ABSTRACT

She wandered in the wilderness and stubbed her feet on stone. She said: “These feet are stupid. It’s time that I went home.” But when she broached the city walls they would not let her in. They said “Your speech sounds mad to us. Your body reeks of sin.” She sat down in the dust. She wept. For forty days and nights. Her broken toes were bleeding, her skin ruddled with blight. And just when Hope was hopeless, a noise chirred in her head. A sound she’d never heard before - word-bits no one else had said. And then her broken, bleeding feet began to dance around. And as she spun with arms outflung the blood etched in the ground. The burghers on the battlements looked over and they read that writing writ in blood and dance harrowed them with dread. “Well, should we let her in?” they asked “this woman kind of thing.

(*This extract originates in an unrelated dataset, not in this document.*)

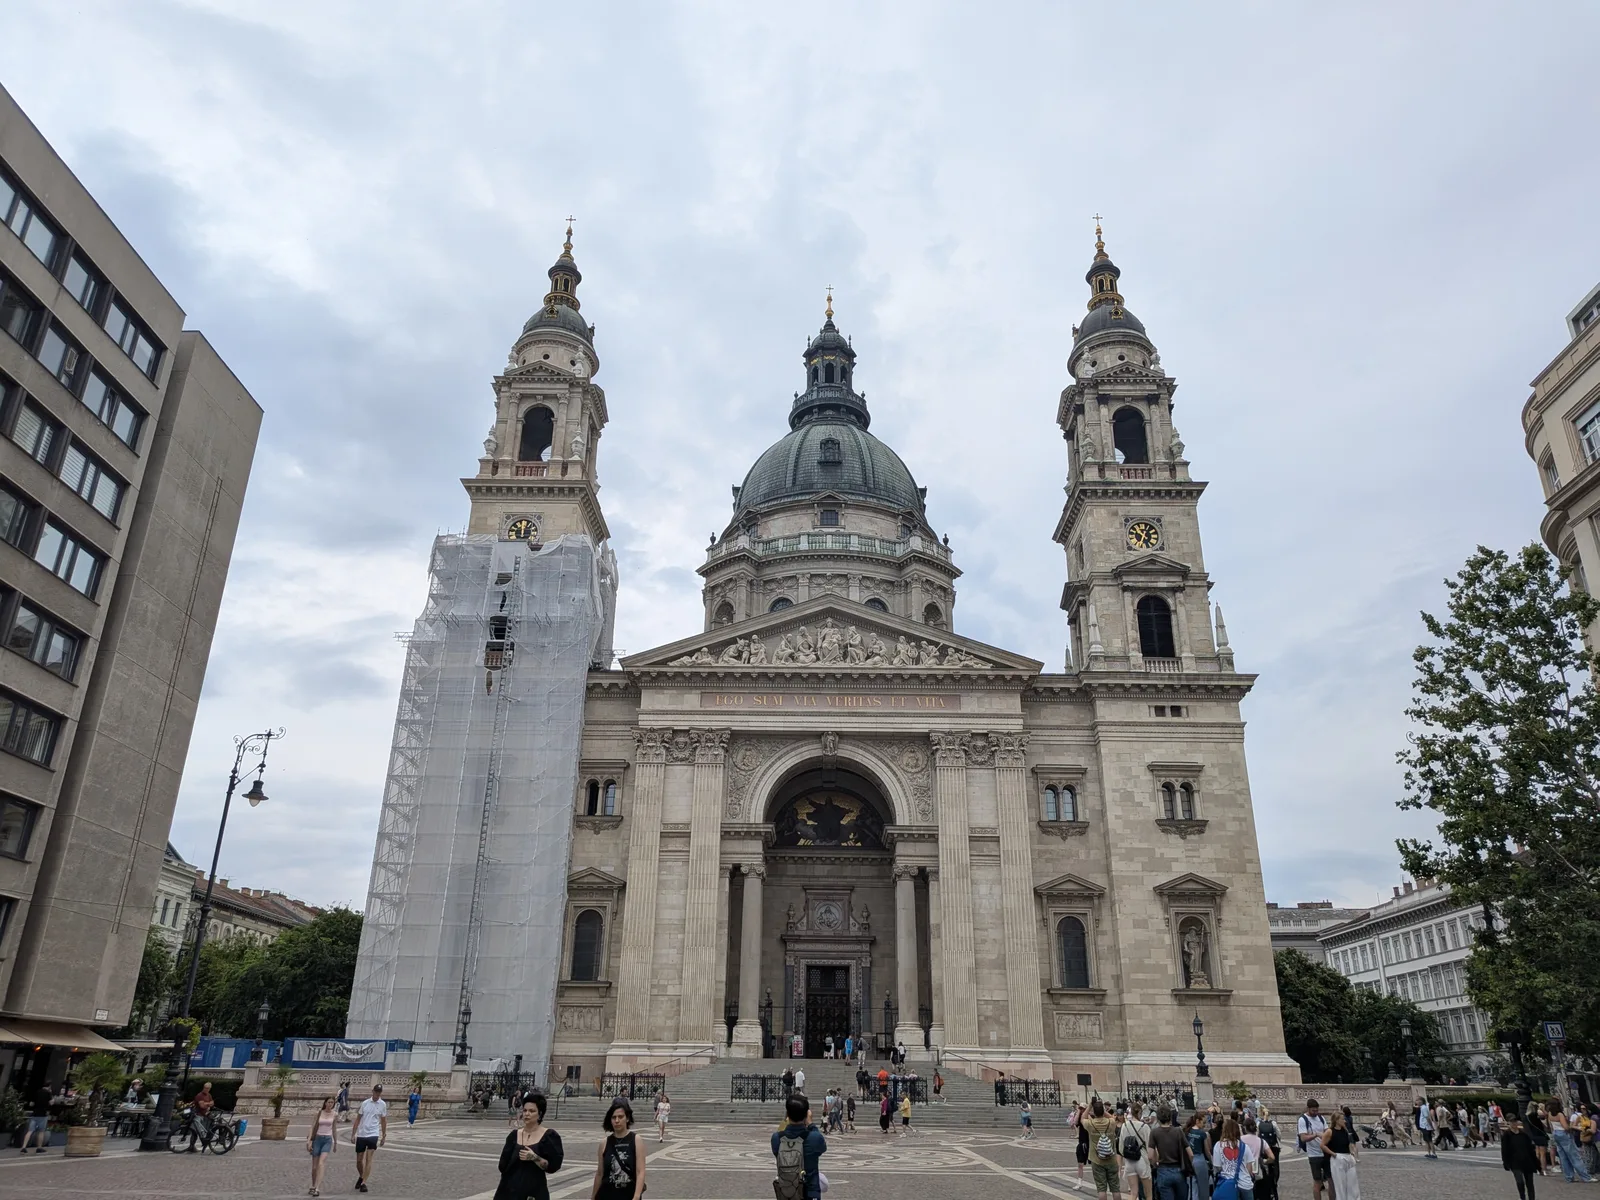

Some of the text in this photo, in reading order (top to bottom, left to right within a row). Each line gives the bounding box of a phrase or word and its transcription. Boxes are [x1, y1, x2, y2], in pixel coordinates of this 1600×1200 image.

Could we purge those awful feet? And douse the stench of sin?” 75But as they called their quorum to talk the matter out, the object of their counsel had turned herself about. And gone back to the wilderness of tree, of bind, and stone - to forage her own footpaths through earth as yet unknown. And as she stumbled further on past rock and blasted tree, she heard a thrumm - a sprung rhythm - and thought – “that sounds like me.” And Lo. It was a crookèd hut. And a crookèd kind of crone who sat and smoked a crookèd pipe carved from a crookèd kind of bone. So she sat and passed the time there and smoked the pipe of bone. She thought “I am of the wilderness. But I am not alone.” And with that blaze of blessing - that truth as true as song - she bundled up her burdens and she skipped her way along.